[[ Dataset content open ]]

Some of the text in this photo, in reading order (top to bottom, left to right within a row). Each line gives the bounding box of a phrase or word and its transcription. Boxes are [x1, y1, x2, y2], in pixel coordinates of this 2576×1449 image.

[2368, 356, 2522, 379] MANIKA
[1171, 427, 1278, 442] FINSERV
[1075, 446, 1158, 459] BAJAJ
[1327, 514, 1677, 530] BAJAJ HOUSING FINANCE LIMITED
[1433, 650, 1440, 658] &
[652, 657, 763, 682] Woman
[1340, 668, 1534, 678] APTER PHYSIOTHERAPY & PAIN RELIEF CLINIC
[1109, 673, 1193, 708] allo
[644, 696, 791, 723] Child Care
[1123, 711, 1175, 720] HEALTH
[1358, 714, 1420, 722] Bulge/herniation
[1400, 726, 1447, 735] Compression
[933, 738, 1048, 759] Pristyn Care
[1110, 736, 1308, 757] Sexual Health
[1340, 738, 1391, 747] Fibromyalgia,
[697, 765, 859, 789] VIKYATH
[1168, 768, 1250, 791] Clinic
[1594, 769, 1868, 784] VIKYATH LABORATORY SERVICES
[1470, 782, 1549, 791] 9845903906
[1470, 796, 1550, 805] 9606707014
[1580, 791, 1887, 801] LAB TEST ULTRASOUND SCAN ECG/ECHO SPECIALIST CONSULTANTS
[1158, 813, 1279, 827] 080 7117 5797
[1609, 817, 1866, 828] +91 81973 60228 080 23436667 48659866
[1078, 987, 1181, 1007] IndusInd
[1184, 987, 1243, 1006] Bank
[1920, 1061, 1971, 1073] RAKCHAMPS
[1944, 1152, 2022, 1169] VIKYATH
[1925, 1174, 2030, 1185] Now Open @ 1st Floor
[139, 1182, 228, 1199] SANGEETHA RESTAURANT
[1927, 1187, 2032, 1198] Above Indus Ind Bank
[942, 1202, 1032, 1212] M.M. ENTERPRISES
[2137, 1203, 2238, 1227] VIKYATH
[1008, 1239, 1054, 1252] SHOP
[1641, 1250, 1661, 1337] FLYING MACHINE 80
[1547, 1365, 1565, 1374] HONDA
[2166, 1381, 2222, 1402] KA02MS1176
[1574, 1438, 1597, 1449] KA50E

[[ Dataset content closed ]]

Task brief =
Only an exact copy of the entries above will do.

Your solution =
Some of the text in this photo, in reading order (top to bottom, left to right within a row). Each line gives the bounding box of a phrase or word and its transcription. Boxes are [x1, y1, x2, y2], in pixel coordinates of this 2576×1449 image.

[2368, 356, 2522, 379] MANIKA
[1171, 427, 1278, 442] FINSERV
[1075, 446, 1158, 459] BAJAJ
[1327, 514, 1677, 530] BAJAJ HOUSING FINANCE LIMITED
[1433, 650, 1440, 658] &
[652, 657, 763, 682] Woman
[1340, 668, 1534, 678] APTER PHYSIOTHERAPY & PAIN RELIEF CLINIC
[1109, 673, 1193, 708] allo
[644, 696, 791, 723] Child Care
[1123, 711, 1175, 720] HEALTH
[1358, 714, 1420, 722] Bulge/herniation
[1400, 726, 1447, 735] Compression
[933, 738, 1048, 759] Pristyn Care
[1110, 736, 1308, 757] Sexual Health
[1340, 738, 1391, 747] Fibromyalgia,
[697, 765, 859, 789] VIKYATH
[1168, 768, 1250, 791] Clinic
[1594, 769, 1868, 784] VIKYATH LABORATORY SERVICES
[1470, 782, 1549, 791] 9845903906
[1470, 796, 1550, 805] 9606707014
[1580, 791, 1887, 801] LAB TEST ULTRASOUND SCAN ECG/ECHO SPECIALIST CONSULTANTS
[1158, 813, 1279, 827] 080 7117 5797
[1609, 817, 1866, 828] +91 81973 60228 080 23436667 48659866
[1078, 987, 1181, 1007] IndusInd
[1184, 987, 1243, 1006] Bank
[1920, 1061, 1971, 1073] RAKCHAMPS
[1944, 1152, 2022, 1169] VIKYATH
[1925, 1174, 2030, 1185] Now Open @ 1st Floor
[139, 1182, 228, 1199] SANGEETHA RESTAURANT
[1927, 1187, 2032, 1198] Above Indus Ind Bank
[942, 1202, 1032, 1212] M.M. ENTERPRISES
[2137, 1203, 2238, 1227] VIKYATH
[1008, 1239, 1054, 1252] SHOP
[1641, 1250, 1661, 1337] FLYING MACHINE 80
[1547, 1365, 1565, 1374] HONDA
[2166, 1381, 2222, 1402] KA02MS1176
[1574, 1438, 1597, 1449] KA50E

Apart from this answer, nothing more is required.